§ DESCRIPTION OF THE TASK: Could the entries below be transcribed word for word, with the pictures omitted?

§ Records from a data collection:

+++

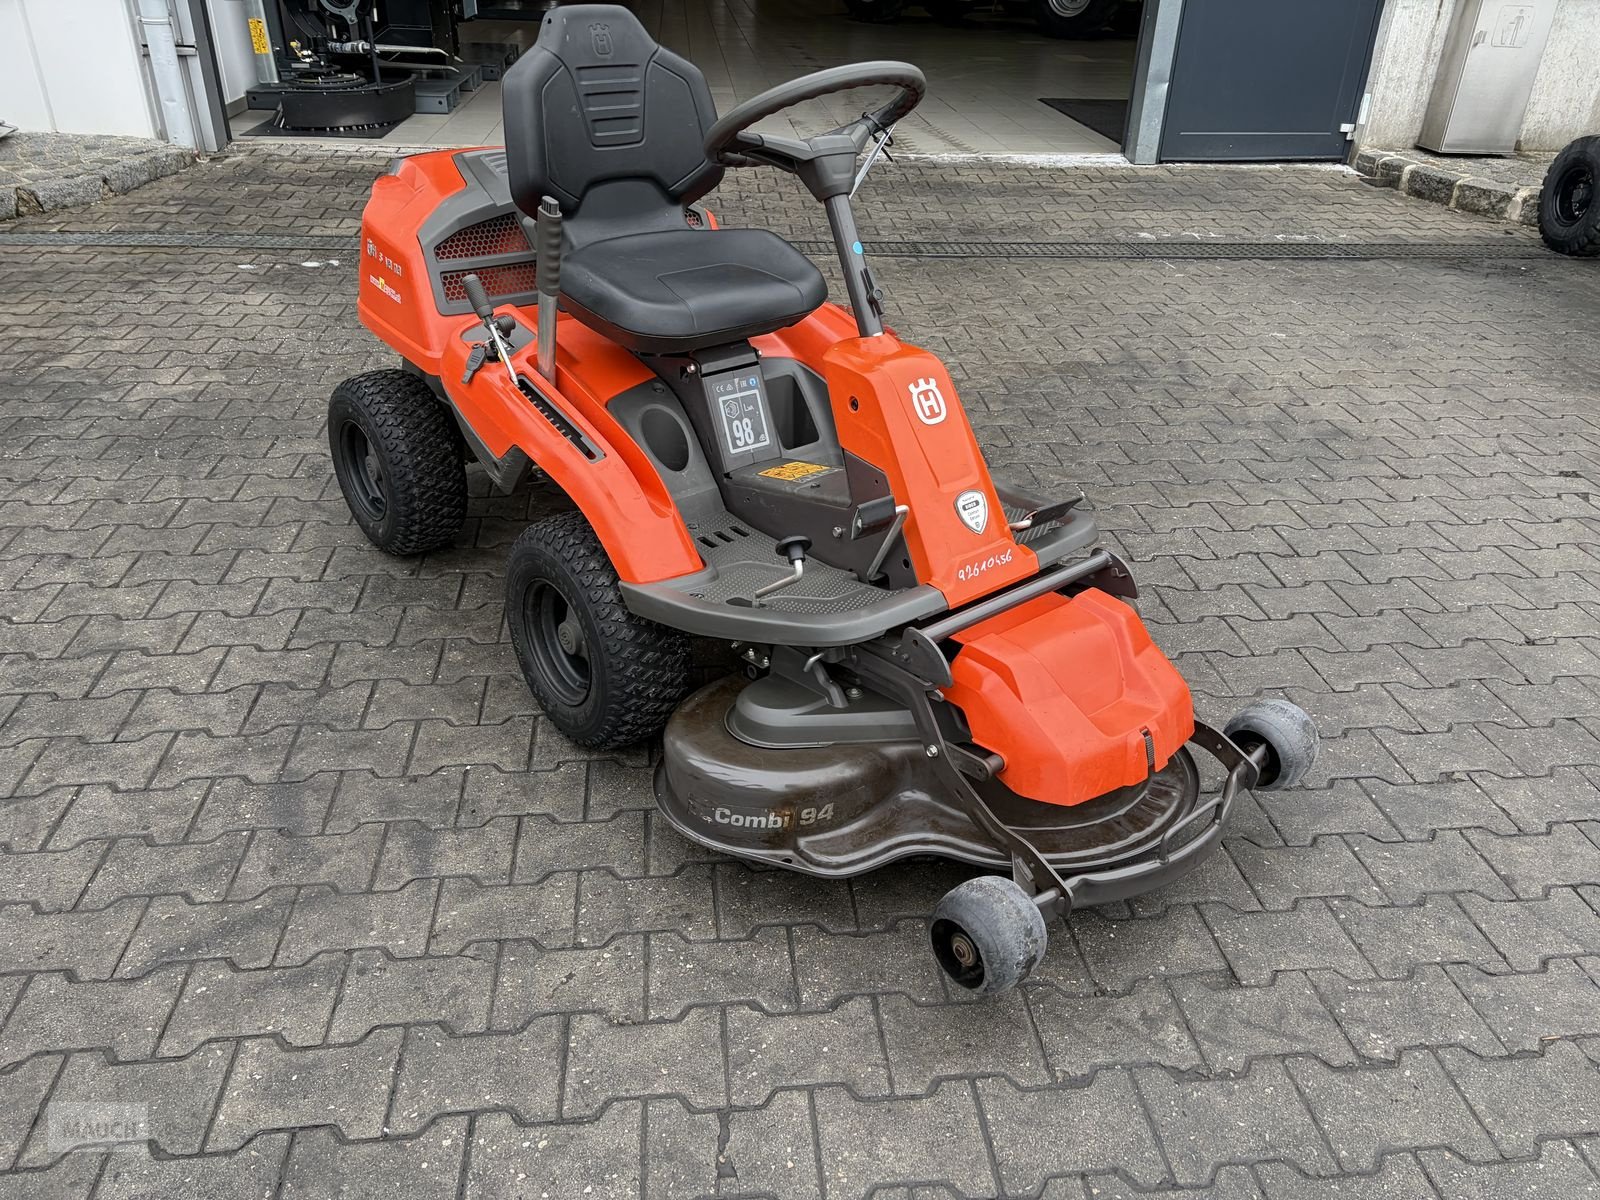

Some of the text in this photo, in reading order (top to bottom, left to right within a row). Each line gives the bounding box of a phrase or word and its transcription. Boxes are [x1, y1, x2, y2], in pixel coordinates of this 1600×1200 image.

[732, 417, 755, 447] 98
[958, 548, 1013, 581] 92610456
[714, 802, 835, 829] Combi 94
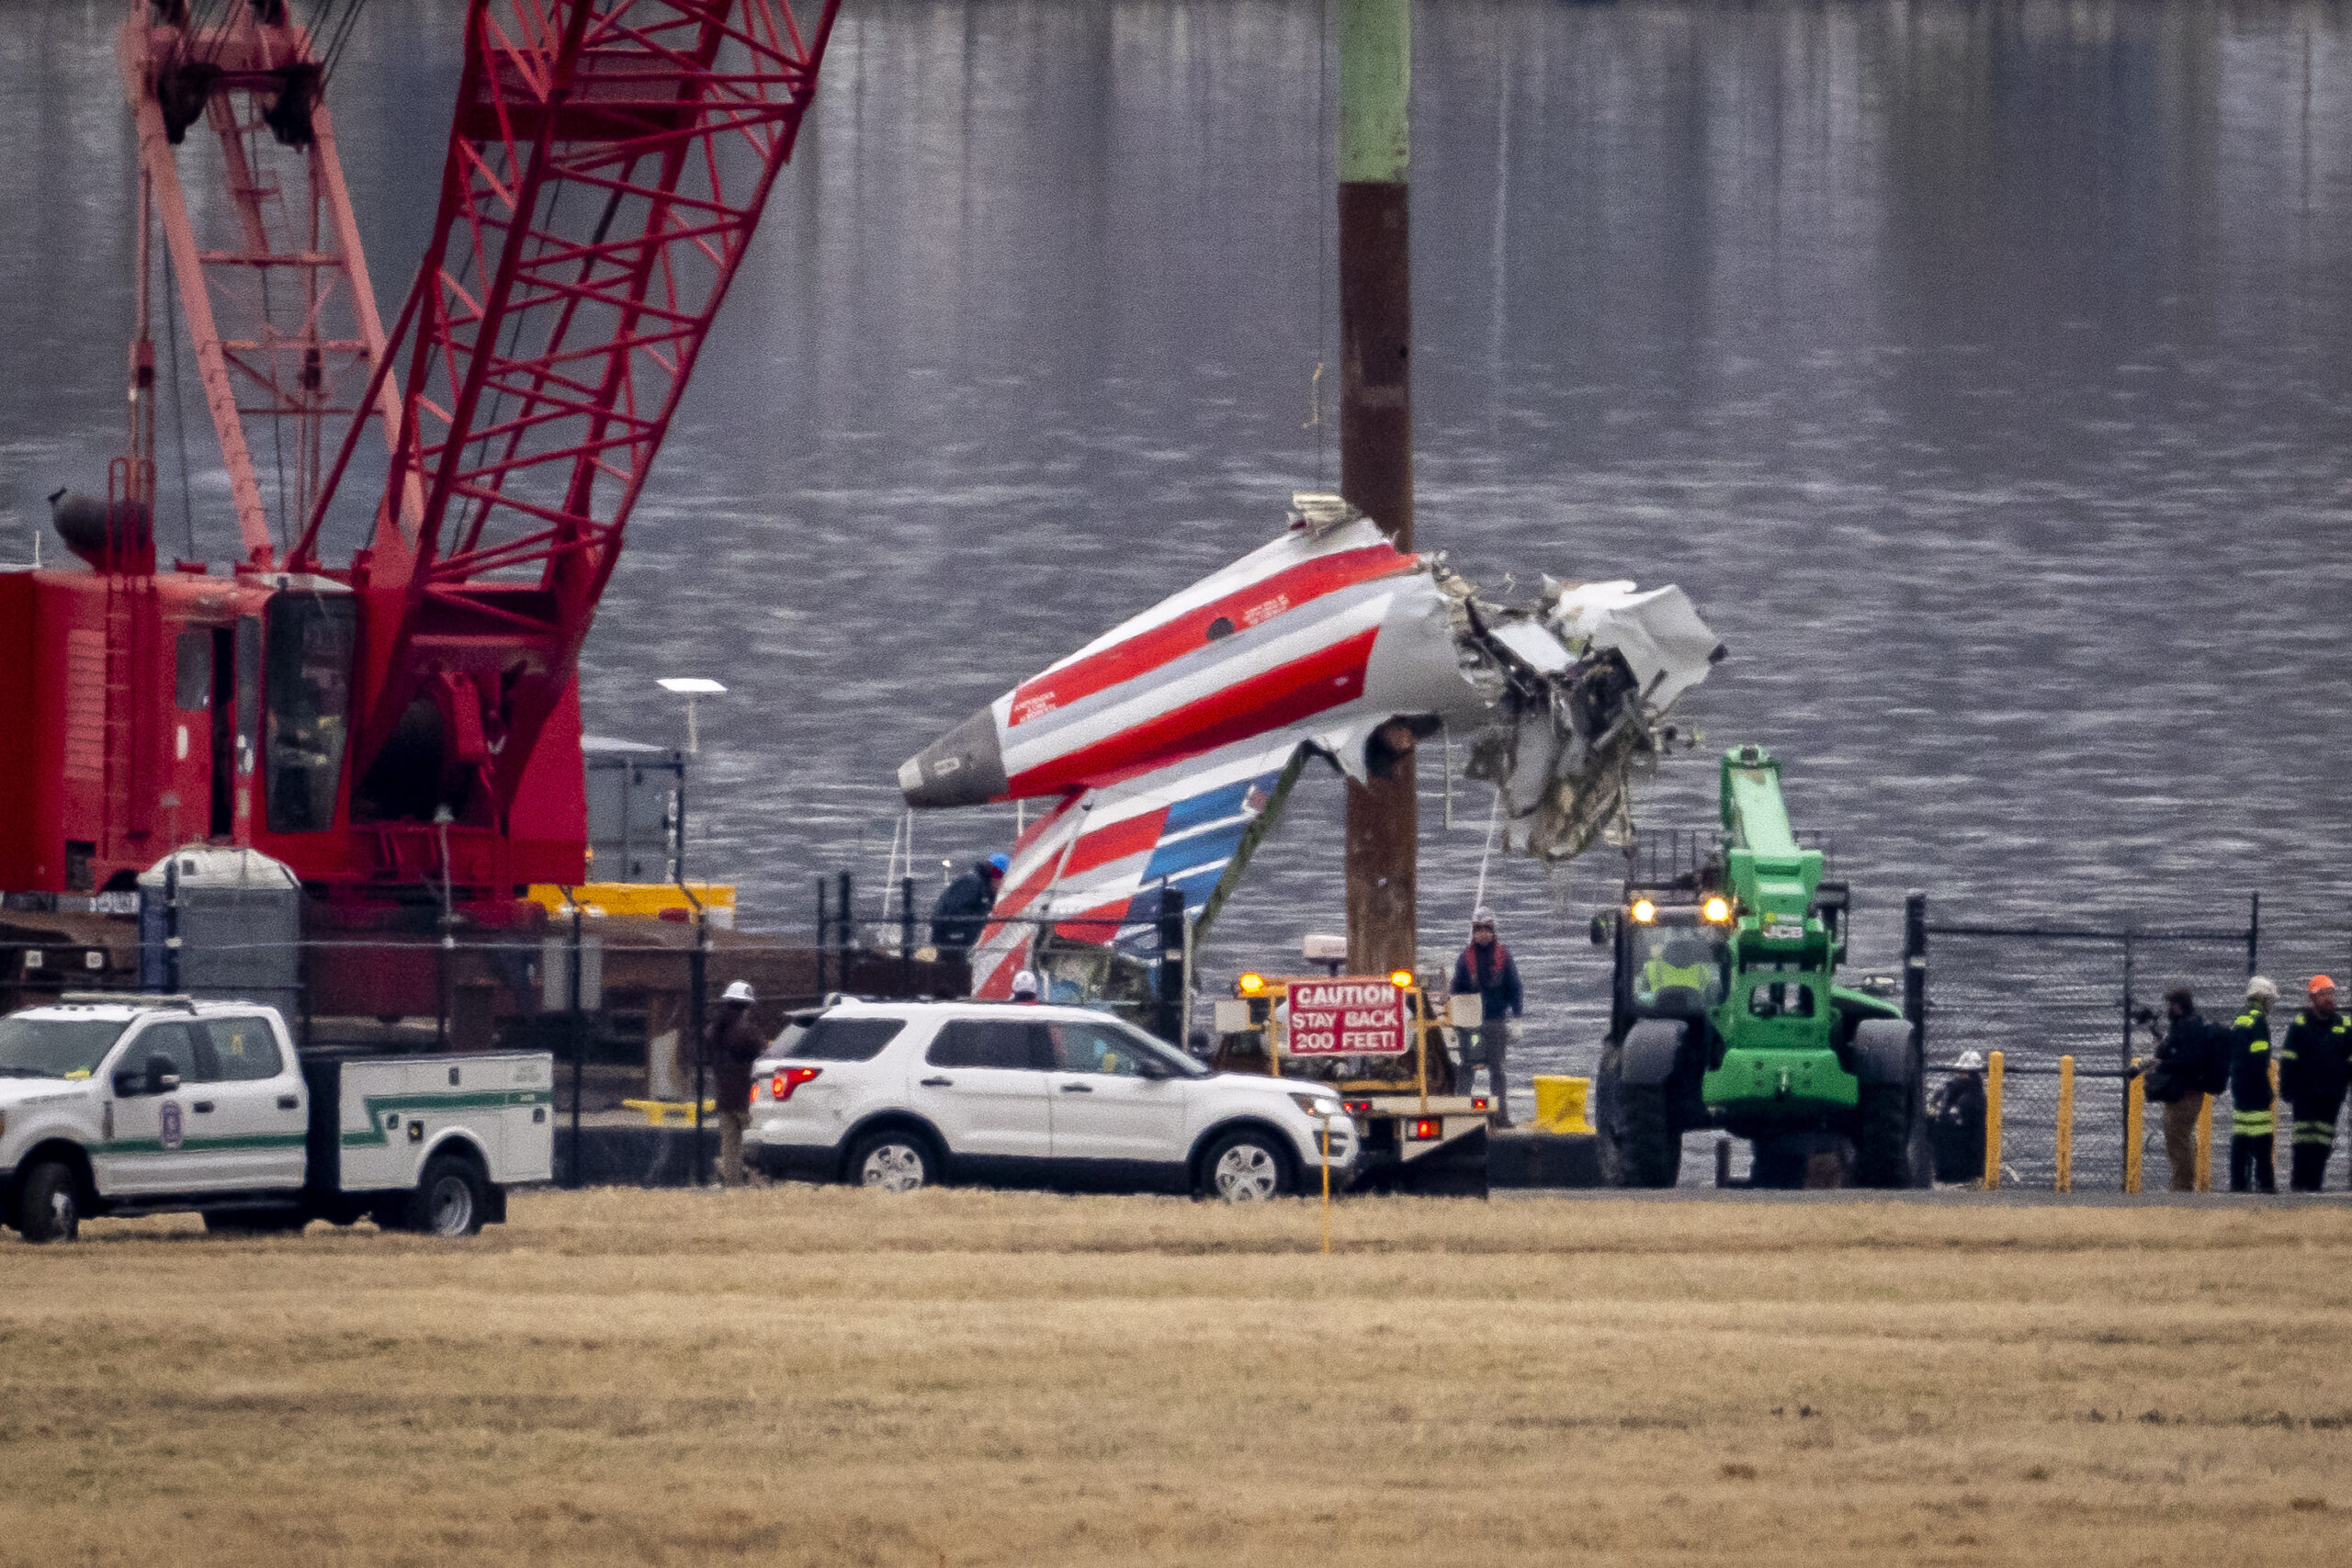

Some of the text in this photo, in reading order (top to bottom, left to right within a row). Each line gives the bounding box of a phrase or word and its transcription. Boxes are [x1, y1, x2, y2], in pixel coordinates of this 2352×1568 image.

+++

§ OUTPUT:
Some of the text in this photo, in reading order (top to bottom, left to right within a row). Each line gives the bounding box of a phrase or word and its transcription. Boxes are [x1, y1, x2, y2], in pixel coordinates of this 1600×1200 image.

[732, 417, 755, 447] 98
[958, 548, 1013, 581] 92610456
[714, 802, 835, 829] Combi 94

Some of the text in this photo, in reading order (top to bottom, left to right within a row). Each line gives the bounding box of a phrase or word and its transcription. Boxes are [x1, y1, x2, y2], in pixel coordinates of this 2352×1568 image.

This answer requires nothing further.